Another operational attribute of importance is the distribution of image acquisitions through different spectral filters. Since the optimum exposure time differs from filter to filter, the AE implementation must either store a different exposure value for test images to be acquired through each filter, or it must be able to compute any difference between the baseline exposure value and one to be used with each specific filter. For the purposes of this discussion, it is assumed that these exposure values are contained in a table in the instrument that can, in principle, be modified by ground uplink.
The test image exposure value is extremely important, and is likely to vary with mission phase, geometry, and the surface characteristics of the target. It must be selected to insure that the detector's full-well capacity is not exceeded, which may be tricky given the large range in illumination conditions that is likely to be encountered at Eros.
GIF = 102 KBytes
Figure 1: Simulated MSI Image: Galileo press release image of Ida, processed to reduce image brightness and amplify histogram
As the test image is being clocked off the detector, a 128-element histogram is accumulated by shifting each DN value by 5 bits and incrementing that slot in the histogram. After the detector has been completely read out and the histogram gathered, it is scanned from highest to lowest DN until the number of pixels exceeds a fixed percentage of the total number of pixels in the image. The DN of that slot in the histogram is assumed to be the highest value to be exposed "without saturating." The exposure of the image is adjusted by linear scaling to place this value at 4095 or, alternatively, at some other selectable value. The percentage of saturation allowed and the DN value of "saturation" are settable parameters.

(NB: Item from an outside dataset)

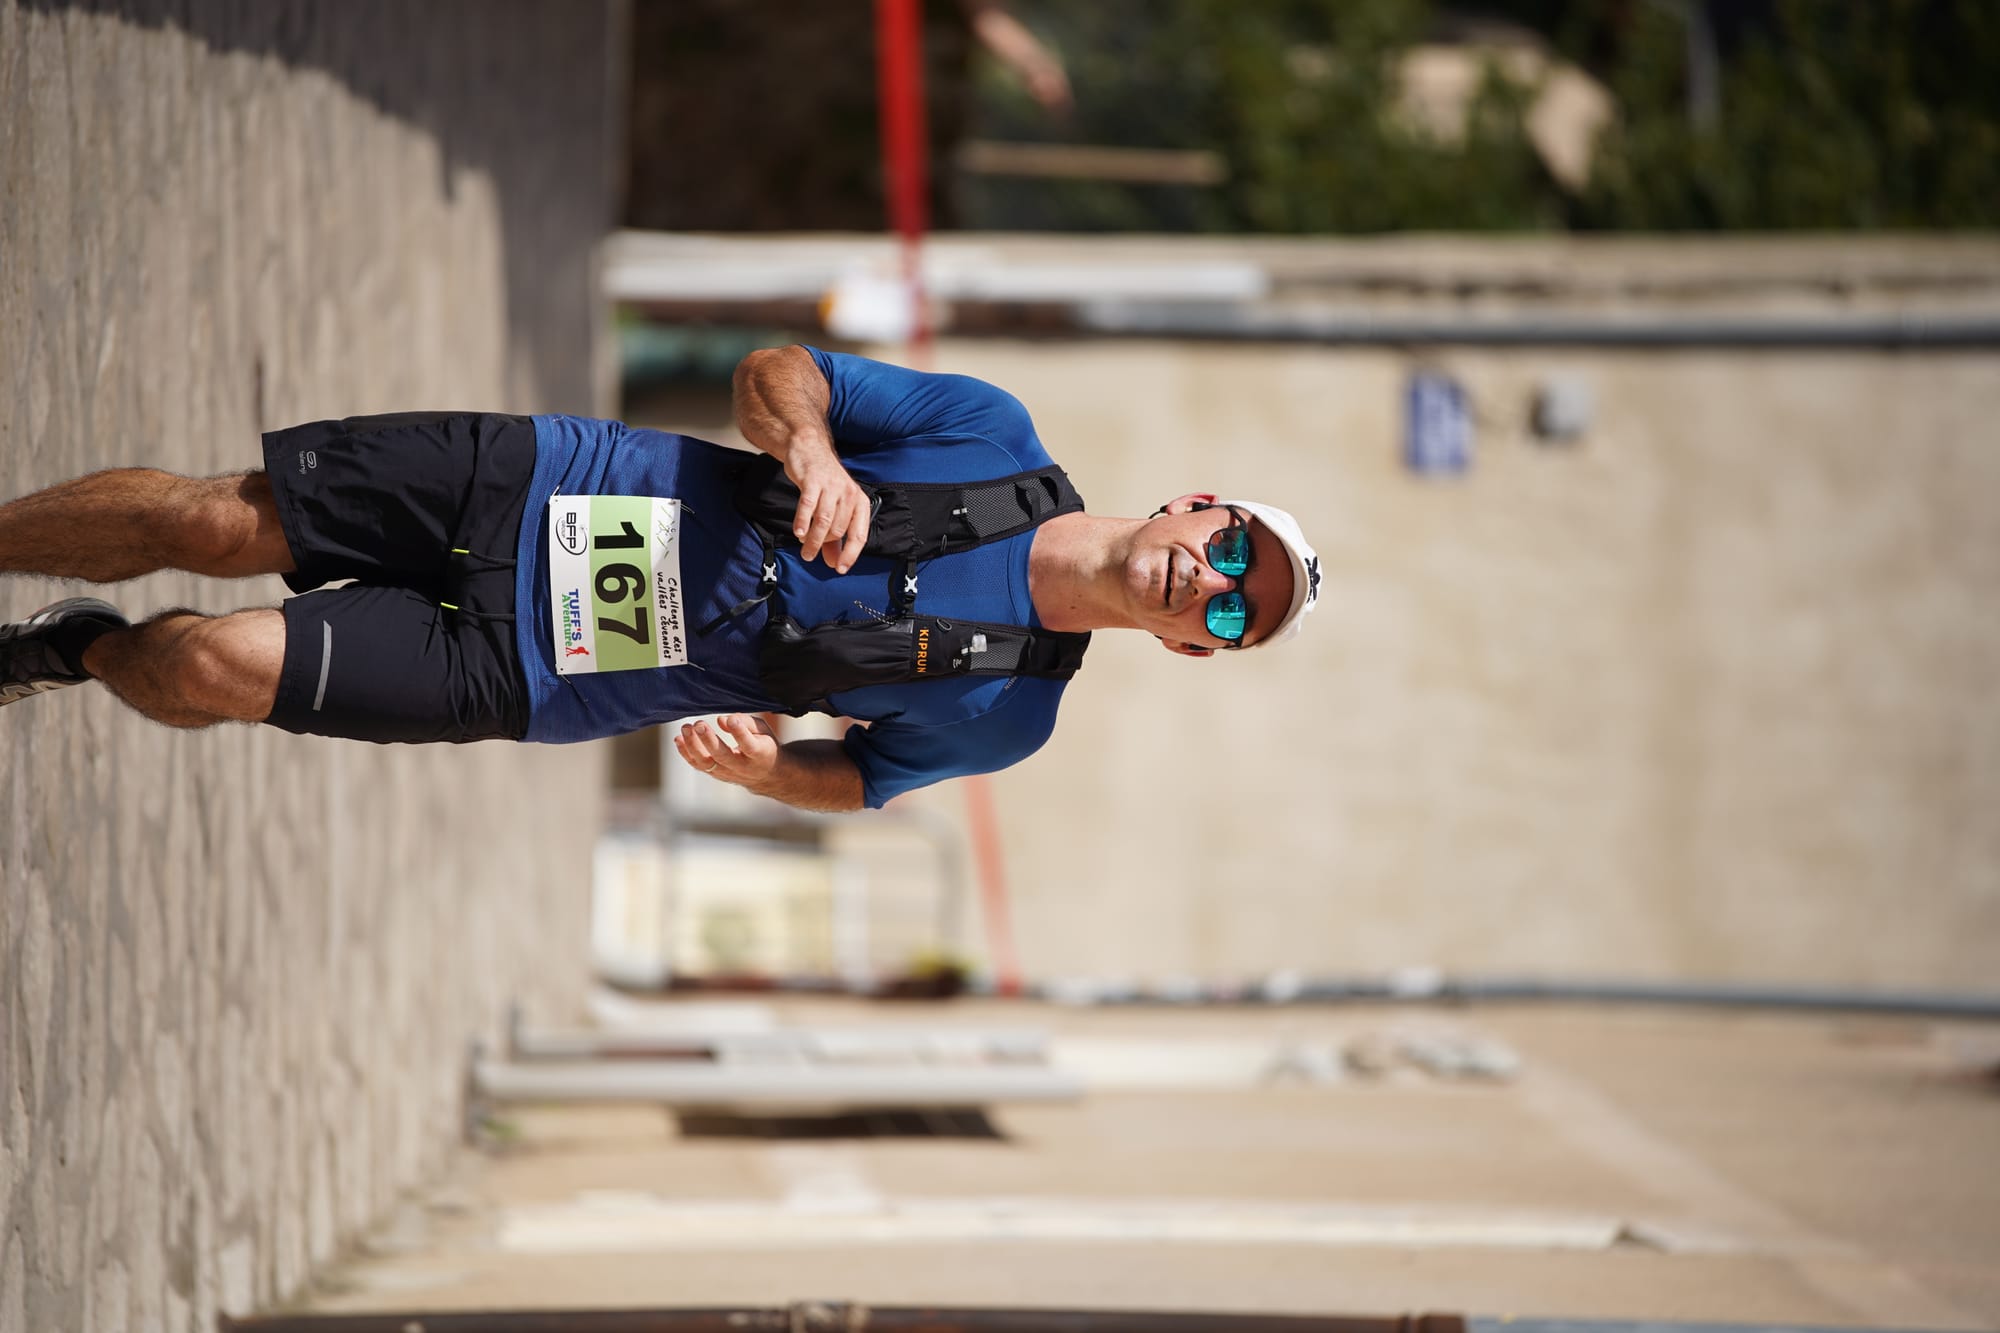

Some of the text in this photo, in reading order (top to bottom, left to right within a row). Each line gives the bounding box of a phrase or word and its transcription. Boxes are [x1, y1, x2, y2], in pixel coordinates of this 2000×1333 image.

2: Histogram of image shown in Figure 1
For example, suppose that a "saturation" value of 0.2% is selected. Twelve bins of the histogram around the maximum value might have the following values:
bin 41 42 43 44 46 47 48 49 50 51 52 53 value 1000 500 250 100 50 25 13 0 0 0 0 0
or, converted to percentages of the total number of pixels (244x537),
bin 41 42 43 44 46 47 48 49 50 51 52 53 % 1.31 0.38 0.19 0.08 0.04 0.02 0.01 0 0 0 0 0
The AE algorithm starts at the high end of the table and sums until the total percentage exceeds 0.2%. The running sum is
bin 53 52 51 50 49 48 47 46 45 44 cum% 0 0 0 0 0 0.01 0.03 0.07 0.15 0.34
The percentage is exceeded at slot 44, corresponding to DNs in the range 1405 to 1438. The ratio of the low end of that DN range to the maximum DN (Max DN / 1405) is the value by which the test exposure time must be multiplied to set the science acquisition exposure. If the maximum DN is 4095 ("full-well"), this value would be (4095/1405), or 2.91. As an alternative example, assume a "saturation" value of 3850 DN was selected (to allow some "headroom" before reaching true saturation). In this case, the new exposure value would be (3850/1405) = 2.74 X the test exposure value. Figure 3 shows the result of applying this algorithm to an example image, and Figure 4 shows the resulting histogram. Note that the binning in this example is somewhat different from that described in the text, and that the figures are illustrative only.
GIF = 170 KBytes
Figure 3: Image from Figure 1 contrast stretched using AE algorithm
Figure 4: Histogram of Figure 3
This algorithm fails if the test image is overexposed (i.e., if the highest slot in the histogram exceeds the percentage of saturation allowed.) For this reason and as noted above, the test image exposure time should be selected to underexpose the image, thus minimizing the likelihood of encountering this failure mode. Should this mode be encountered, the AE procedure could have a pre-set fall-back exposure value (e.g., 0.75X the test exposure value).
This scheme is relatively insensitive to spurious bright pixels, such as would be caused by radiation hits on the detector, bad pixels, or electronic noise. A smaller histogram could potentially be used if memory is tight. Similarly, only a sub-set or fraction of the image's pixels could be summed into the histogram if CPU cycles are tight.